Try as one might, daylight cannot be forced between them. Ruling groups are sacrosanct, the best citizenry, to be looked up to as the generators and custodians of the national wealth, with Trump-Clinton sharing duple captaincy. Wall Street and Corporate America in general could not be more delighted with these circumscribed political boundaries. Scratch the candidate, either one, and beneath exists the nether world of military power virtually unlimited in scope and size, anxiously waiting to spring forward. Whether autarky is conceived as nationalism (Trump) or internationalism (Clinton), its message of self-sufficiency as the militarization of exceptionalism is heard loud and clear.

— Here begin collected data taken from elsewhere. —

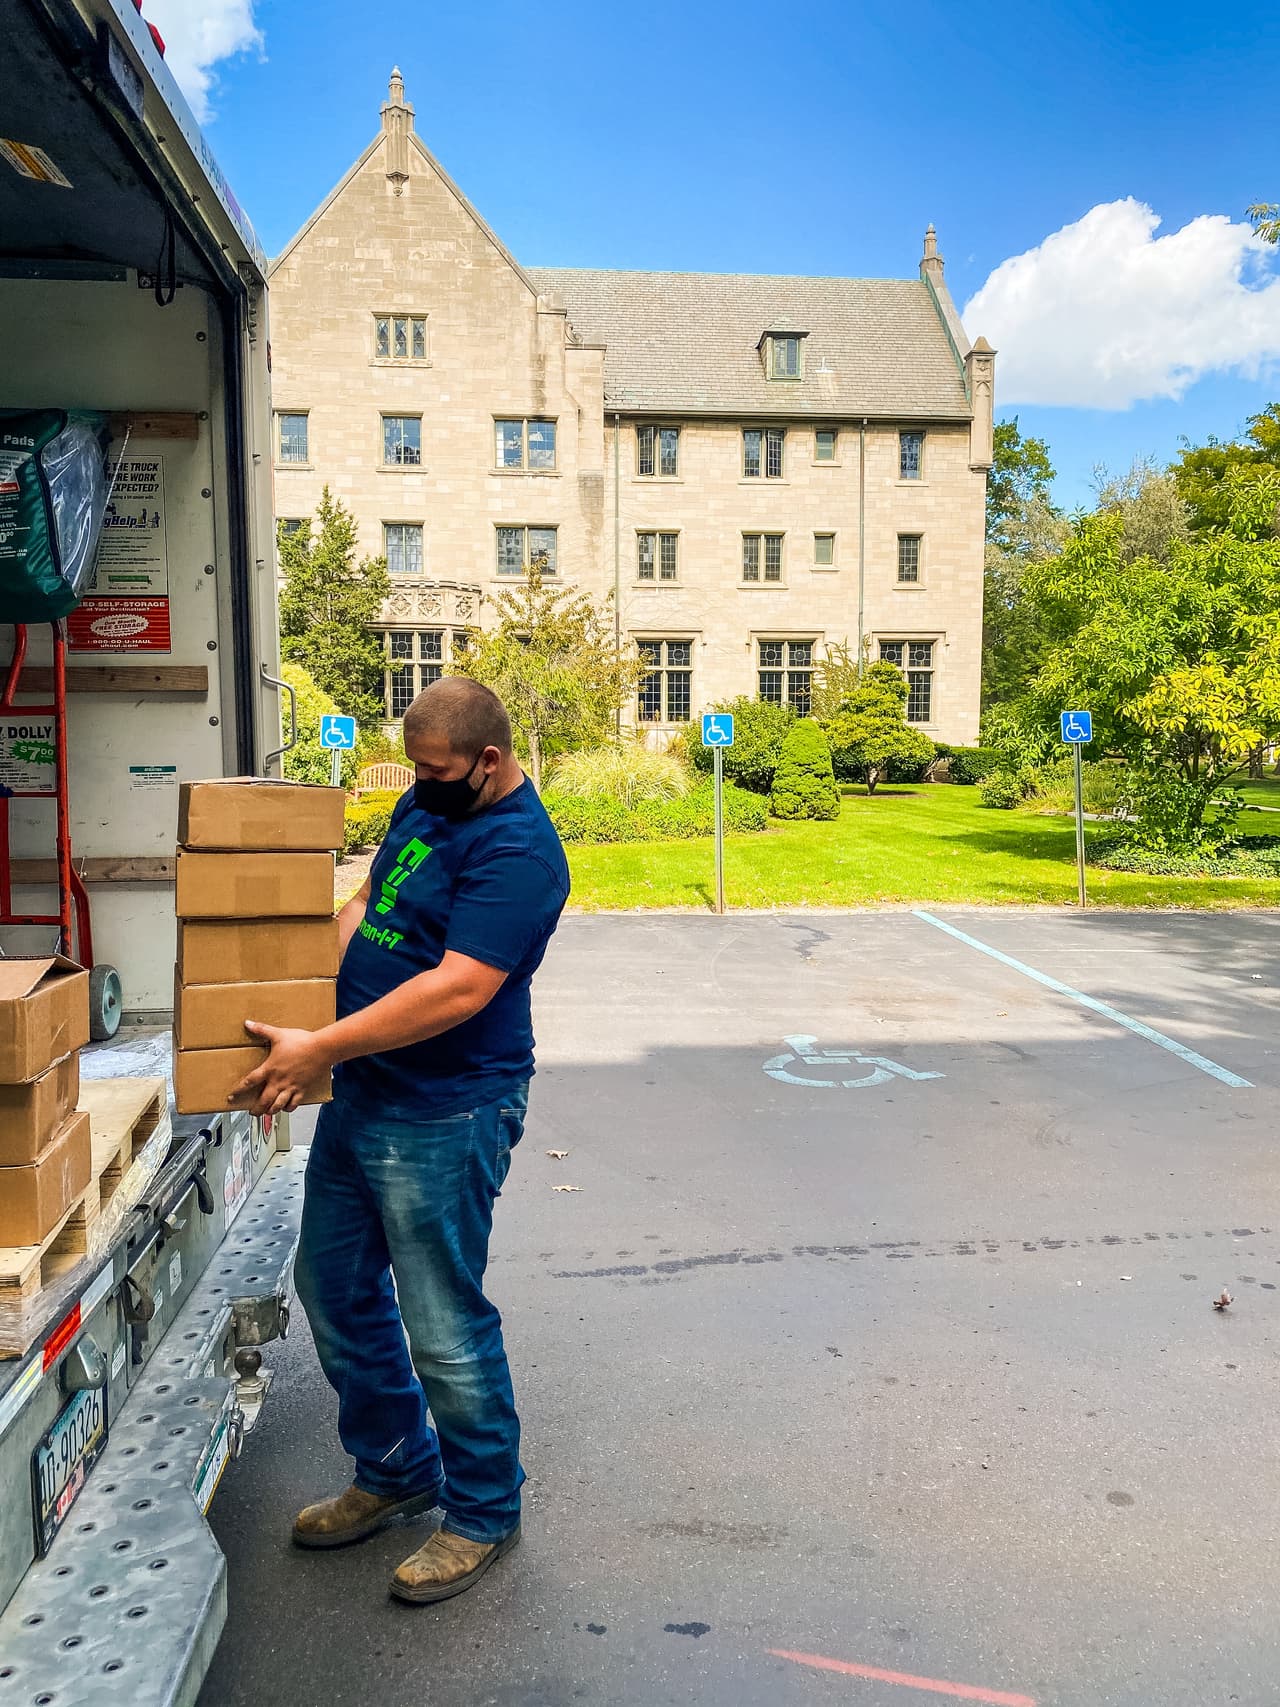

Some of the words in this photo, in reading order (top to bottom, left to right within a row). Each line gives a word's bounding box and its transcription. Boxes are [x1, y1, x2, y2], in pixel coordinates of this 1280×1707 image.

[3, 434, 35, 447] Pads
[130, 462, 160, 472] TRUCK
[130, 473, 157, 482] WORK
[111, 483, 160, 492] EXPECTED?
[7, 726, 52, 739] DOLLY

What have America’s major political parties become but agents of pacification, canceling out political change while the exercise of power is funneled into an elitist system of Upper Capital in which the military is welcomed with open arms. Trump vies with Clinton in extolling the virtues of strength and National Greatness, which boil down to self-accredited authority to define and regulate international politics to achieve, among other things, global ideological purification. It is as though imperialism, centered on market penetration, has given way to domination for its own sake. And complementing that, we find an arousal of anger to divert attention from the failings of capitalism, thereby disarming criticism and at the same time tightening the screws of a discrepant framework of wealth-and-income distribution.

Come November, Republicans, Democrats, Trump, Clinton, who cares? The political parties have charted the race to the bottom for so long, one more soft landing will hardly be noticed. In prideful affirmation, we term this the normalization of democratic practice. Fewer and fewer Americans, as time goes on, are seeing through the charade. In that light, fascism will meet with little resistance when its time comes, decked out in bunting, even confetti thrown from the rooftops.